The Void of Becoming
When Elara sat on the bed, the panic wasn’t because she missed the ship. The panic was because she didn’t know who she was in the quiet.
The flight suit was armor. It told everyone (and her) exactly what she was.
The civilian cotton felt “dangerously light” because it offers no definition.
She stood in the hotel room looking at that gear.
• The Battery Packs said: “I am essential. I have power when others don’t.”
• The Rugged Bag said: “I can handle rough terrain. I am tough.”
If she left them, she was walking onto the next chapter as a woman was is just… her.
A woman who might run out of battery.
A woman with a Grav-Crate like a normal tourist.
A woman who is no longer signaling “I am ready for disaster.”
That is the difficulty of becoming. It requires one to be ordinary for a moment, to figure out what comes next.

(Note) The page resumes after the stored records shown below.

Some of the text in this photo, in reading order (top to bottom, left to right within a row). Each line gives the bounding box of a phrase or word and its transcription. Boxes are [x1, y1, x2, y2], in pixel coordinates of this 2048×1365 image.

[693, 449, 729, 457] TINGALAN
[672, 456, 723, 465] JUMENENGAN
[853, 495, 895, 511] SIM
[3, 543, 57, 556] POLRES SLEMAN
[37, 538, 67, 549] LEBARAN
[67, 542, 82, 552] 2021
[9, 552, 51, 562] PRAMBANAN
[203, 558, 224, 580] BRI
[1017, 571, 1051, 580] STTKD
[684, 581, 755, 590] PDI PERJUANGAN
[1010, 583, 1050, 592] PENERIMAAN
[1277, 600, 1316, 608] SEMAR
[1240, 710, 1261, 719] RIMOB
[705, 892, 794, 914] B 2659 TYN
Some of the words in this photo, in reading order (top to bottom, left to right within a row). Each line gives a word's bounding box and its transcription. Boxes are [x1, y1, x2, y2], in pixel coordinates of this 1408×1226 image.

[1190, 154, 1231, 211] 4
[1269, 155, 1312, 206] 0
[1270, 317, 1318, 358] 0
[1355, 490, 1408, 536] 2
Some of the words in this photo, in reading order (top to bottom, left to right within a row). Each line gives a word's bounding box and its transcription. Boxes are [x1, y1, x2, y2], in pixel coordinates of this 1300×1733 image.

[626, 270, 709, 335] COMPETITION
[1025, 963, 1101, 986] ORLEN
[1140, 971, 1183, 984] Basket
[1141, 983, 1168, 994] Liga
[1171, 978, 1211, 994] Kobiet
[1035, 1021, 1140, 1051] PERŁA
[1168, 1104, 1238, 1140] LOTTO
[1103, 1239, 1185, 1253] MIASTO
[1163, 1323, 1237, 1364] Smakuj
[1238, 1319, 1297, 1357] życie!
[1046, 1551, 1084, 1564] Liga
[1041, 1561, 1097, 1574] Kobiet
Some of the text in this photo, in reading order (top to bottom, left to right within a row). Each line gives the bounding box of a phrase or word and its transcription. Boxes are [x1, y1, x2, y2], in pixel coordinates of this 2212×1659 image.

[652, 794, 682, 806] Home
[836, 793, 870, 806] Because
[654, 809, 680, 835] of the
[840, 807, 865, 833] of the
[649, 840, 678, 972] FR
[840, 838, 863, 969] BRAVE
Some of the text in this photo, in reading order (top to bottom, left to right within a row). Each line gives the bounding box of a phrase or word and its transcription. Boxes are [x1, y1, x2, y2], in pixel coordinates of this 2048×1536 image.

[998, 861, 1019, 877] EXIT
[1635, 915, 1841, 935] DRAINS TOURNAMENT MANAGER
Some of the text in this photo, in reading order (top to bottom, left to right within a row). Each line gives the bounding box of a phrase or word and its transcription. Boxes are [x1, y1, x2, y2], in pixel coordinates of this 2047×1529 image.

Elara stood in front of the recycling chute. The bag was gone. The extra power cells were gone.
She looked down at her hands. They were empty.
For twenty cycles, her hands had always held something—a throttle, a wrench, a scanner, a weapon. They were shaped by the tools they held.
Now, they just hung at her sides. They felt useless. They felt light.
“Who am I if I’m not fixing something?” she whispered.
She looked at the reflection in the polished metal of the airlock door. She saw a woman in simple clothes, carrying a simple crate. She didn’t look like a hero. She didn’t look like a survivor. She looked like a blank slate.
The terror rose up in her throat—the urge to run back, to grab a wrench, just to feel the weight of purpose in her palm.
But then she flexed her fingers.
Without the wrench, her hand was open.
Without the heavy pack straps cutting into her shoulders, her posture straightened.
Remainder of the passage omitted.